- Exercise instructions:
Drop the images, then output the listing exactly.

- Task data:
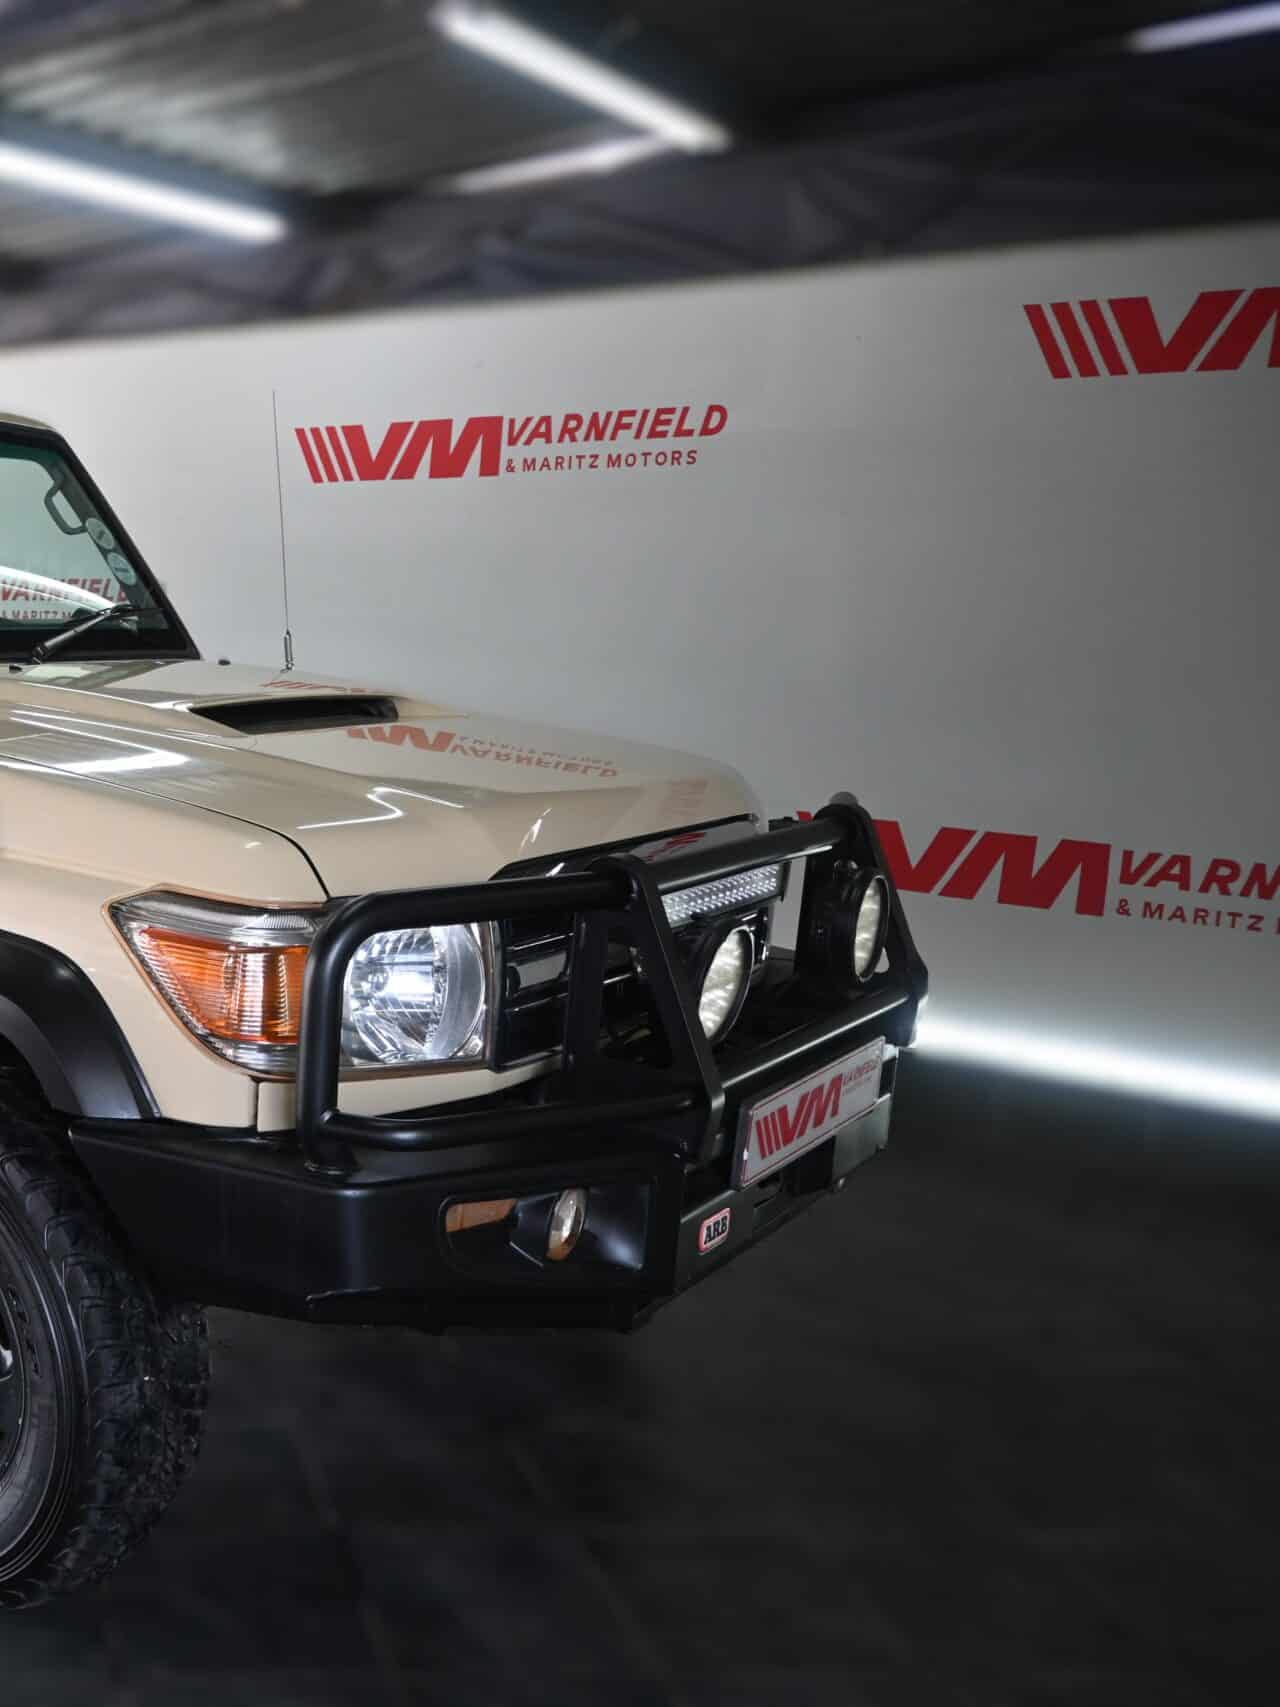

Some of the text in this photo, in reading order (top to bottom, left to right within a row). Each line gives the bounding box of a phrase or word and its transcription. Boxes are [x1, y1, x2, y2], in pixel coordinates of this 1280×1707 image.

[507, 404, 728, 446] VARNFIELD
[341, 416, 504, 481] VM
[505, 450, 698, 473] & MARITZ MOTORS
[871, 818, 1112, 917] VM
[1116, 898, 1131, 916] &
[1142, 901, 1265, 932] MARITZ
[777, 1073, 843, 1146] VM
[702, 1212, 729, 1247] ARB

- Reply to the task:
Some of the text in this photo, in reading order (top to bottom, left to right within a row). Each line gives the bounding box of a phrase or word and its transcription. Boxes are [x1, y1, x2, y2], in pixel coordinates of this 1280×1707 image.

[507, 404, 728, 446] VARNFIELD
[341, 416, 504, 481] VM
[505, 450, 698, 473] & MARITZ MOTORS
[871, 818, 1112, 917] VM
[1116, 898, 1131, 916] &
[1142, 901, 1265, 932] MARITZ
[777, 1073, 843, 1146] VM
[702, 1212, 729, 1247] ARB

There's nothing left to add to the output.